Pro-Russia and Fixated On Islamic Extremism

President Donald Trump’s national security adviser Michael Flynn, who resigned late Monday over his controversial contacts with Russia, is a former military intelligence chief who saw militant Islam as the main threat to global stability.

The 58 year-old retired three-star general — a slim, energetic figure with sharp facial features — however had accommodating views on Russia and China, two countries that former president Barack Obama regarded as the main US strategic opponents.

During the 2016 presidential campaign Flynn was one of the few high-profile former military figures who advised candidate Trump, and was on the short list to be the Republican’s vice presidential candidate.

At the Republican convention that nominated Trump for president, Flynn delivered a fiery attack on Democrat Hillary Clinton, even leading the crowd in chants of “Lock her up!”

However Flynn’s fate may have been sealed when news reports surfaced over the weekend that he discussed US sanctions with Russia’s ambassador weeks before Trump was sworn in as president, and just as then-president Barack Obama was ordering new actions against Moscow over its alleged interference in the US election.

Obama had named Flynn to head of the Defense Intelligence Agency in 2012, but the retired general was forced out in less than two years amid a turbulent restructuring effort and clashes with his superiors.

Flynn’s paid appearance at a 2015 dinner in Russia sitting next to Russian President Vladimir Putin especially raised eyebrows, as did his accommodating statements toward Moscow that suggested a readiness to accept Russia’s seizure of Crimea and its support for embattled Syrian leader Bashar al-Assad.

“We beat Hitler because of our relationship with the Russians, so anybody that looks on it as anything but a relationship that’s required for mutual supporting interests, including ISIS, … that’s really where I’m at with Russia,” he told the Washington Post in August.

The main threat, in Flynn’s view, was militant Islam.

“We have a problem with radical Islamism and I actually think that we could work together with them against this enemy. They have a worse problem than we do,” he told the Post.

The son of a Rhode Island banker, Flynn had a professional army career mainly in intelligence units. In the 2000s he served in Iraq and then Afghanistan, where he became director of intelligence for coalition forces.

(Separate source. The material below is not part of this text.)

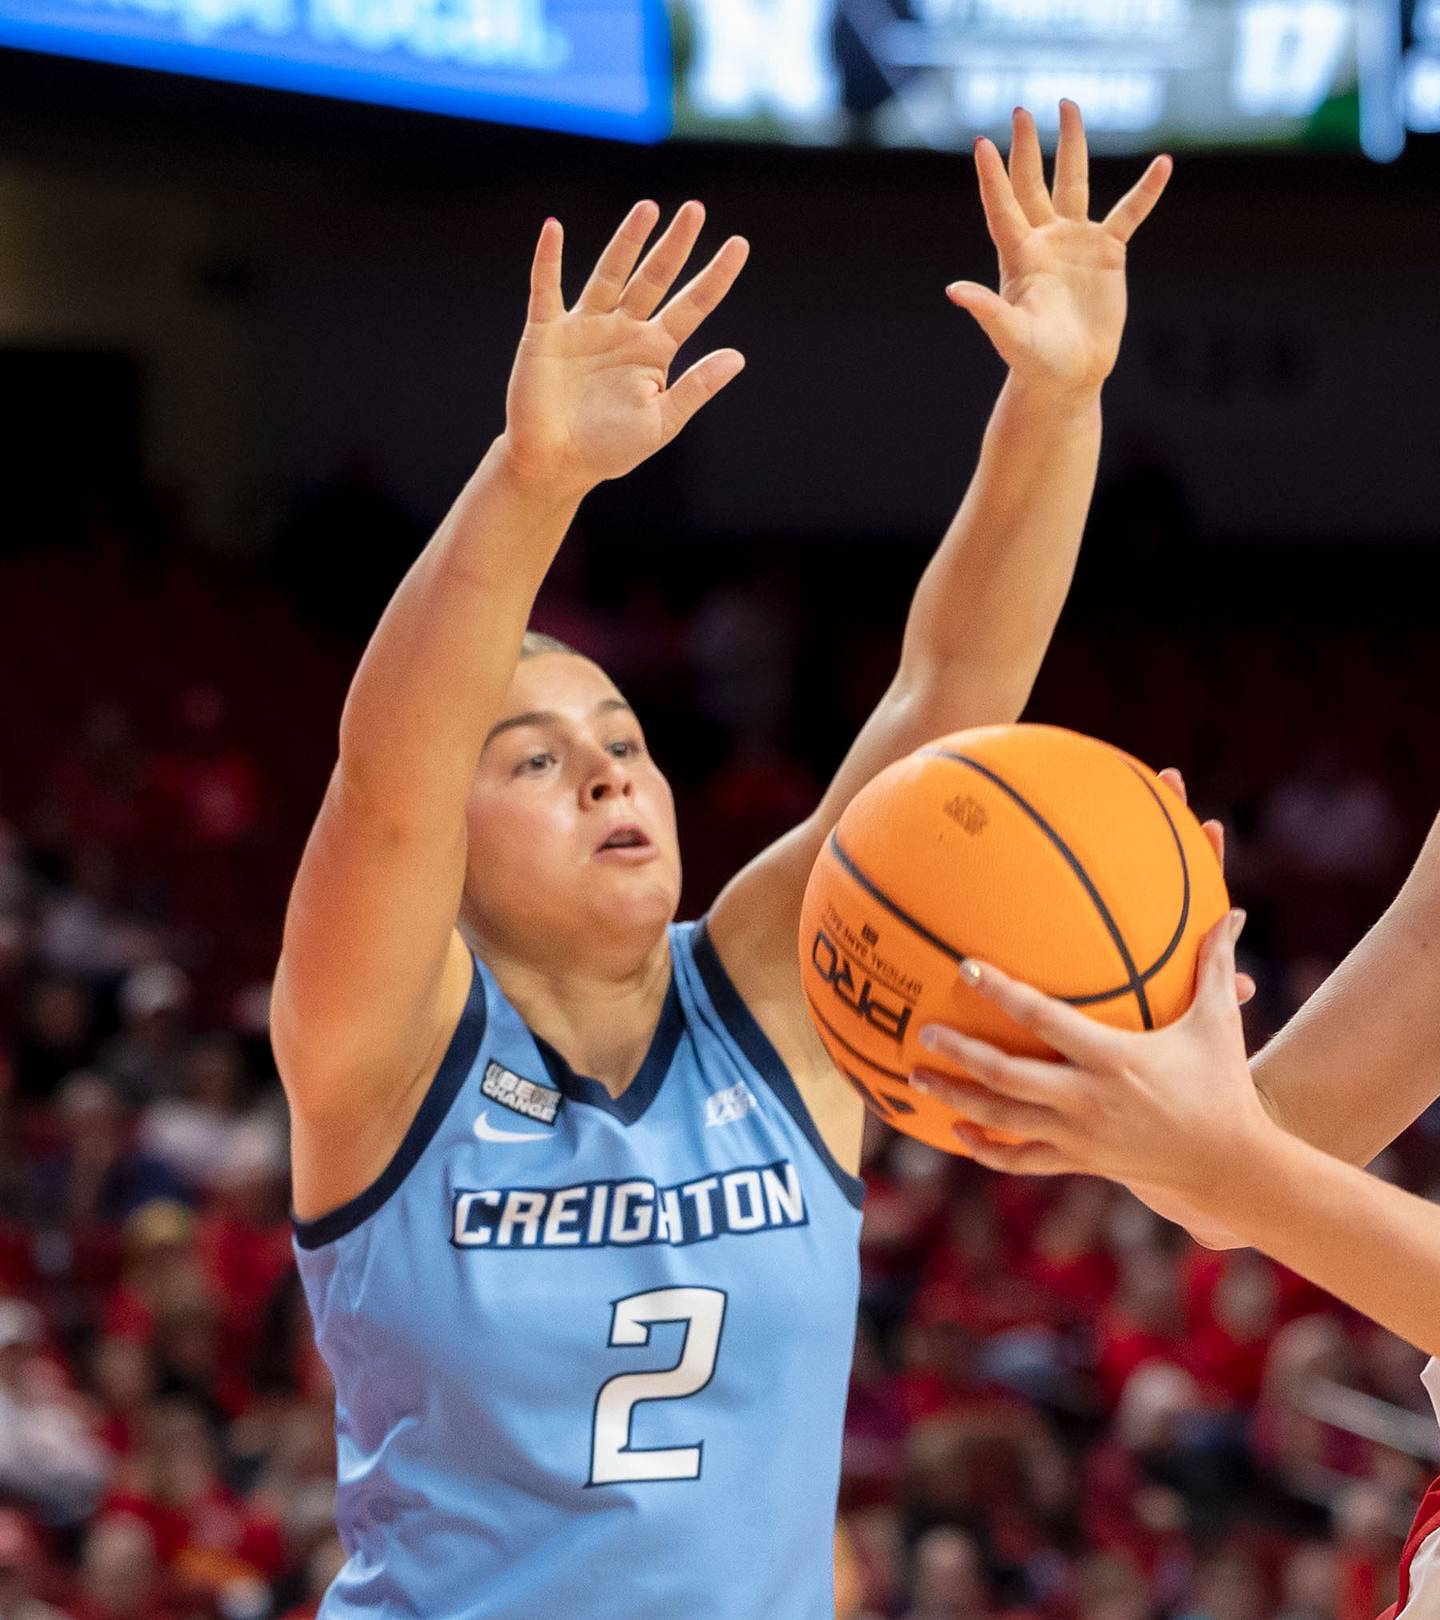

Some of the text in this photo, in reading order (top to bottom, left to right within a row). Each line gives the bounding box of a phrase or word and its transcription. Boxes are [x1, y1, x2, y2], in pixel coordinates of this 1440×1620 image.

[810, 930, 912, 1046] PRO
[453, 1161, 806, 1247] CREIGHTON
[584, 1286, 727, 1487] 2

After leaving the Defense Intelligence Agency, Flynn repeatedly criticized the Obama administration as inadequately focused on the Islamist threat. He even published a book titled: “The Field of Fight: How We Can Win the Global War Against Radical Islam and Its Allies.”

In his book Flynn argued that Muslim countries must be forced to recognize and stamp out radical Islamic beliefs, which he says are “metastasizing” around the world.

“We’re in a global war, facing an enemy alliance that runs from Pyongyang, North Korea, to Havana, Cuba, and Caracas, Venezuela,” he wrote in the New York Post in July.

“Along the way, the alliance picks up radical Muslim countries and organizations such as Iran, Al-Qaeda, the Taliban and Islamic State.”

Like Trump, Flynn has also criticized US allies in NATO for not putting enough of their own effort and funding into the crucial western defense treaty.

National security community critics warned that his one-dimensional views could upset well-established relationships that benefit the United States.

They also questioned Flynn’s willingness to take money from Russian government-backed groups, and his support for Turkish President Recep Tayyip Erdogan’s harsh crackdown on dissent.